University of Virginia Health System, Charlottesville, VA, USA.

Objective:
For descending thoracic aortic aneurysms (TAAs), endovascular stents (TEVARs) reduce operative morbidity and mortality compared to open surgical repair. However, long-term differences in patient survival have not been demonstrated, and an increased need for aortic reintervention has been observed. This study investigated mid-term outcomes and hospital costs of TEVAR compared with open TAA repair.
Methods:
This was a retrospective, single institution review of elective thoracic aortic aneurysm repairs between 2005 and 2012. Patient demographics, operative outcomes, reintervention rates, and hospital costs were assessed. The literature was also reviewed to determine commonly observed complication and reintervention rates for TEVAR and open repair. Monte Carlo simulation was utilized to model and forecast hospital costs for TEVAR and open TAA repair at 30 days and 3 years.
Results:
Our cohort consisted of 131 TEVARs and 27 open repairs that were well matched demographically. Operative mortality for TEVAR and open repair was 5.3% and 3.7%, respectively (p=1.0). There was a trend towards more complications in the TEVAR group, although not statistically significant (all p>0.05, Table 1).
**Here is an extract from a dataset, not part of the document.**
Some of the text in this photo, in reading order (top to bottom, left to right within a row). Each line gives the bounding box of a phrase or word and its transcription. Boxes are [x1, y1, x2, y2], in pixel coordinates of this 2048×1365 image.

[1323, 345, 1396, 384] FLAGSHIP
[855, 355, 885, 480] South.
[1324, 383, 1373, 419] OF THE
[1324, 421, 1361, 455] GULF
Hospital costs were significantly greater in the TEVAR group ($52,008 vs $37,172, p=0.001). However, cost modeling utilizing reported complication and reintervention rates from the literature [Table 1] overlaid with our cost data produced a higher cost for the open group at 30 days ($55,119 vs $48,163) and at 3 years ($58,655 vs $52,638). Interestingly, TEVAR hospital costs, not reintervention rates, were the most significant driver of cost in the TEVAR group.
Conclusions:
Our institution’s data showed higher costs with TEVAR compared to open TAA repair due to the small number of complications within the open group. This relationship was reversed in our cost model, with higher costs in the open group at both 30 days and 3 years. These findings reinforce that single institution data can be deceptive compared to multi-institutional trends. Cost modeling is one method that may provide more accurate and generalizable information for comparisons between various intervention options.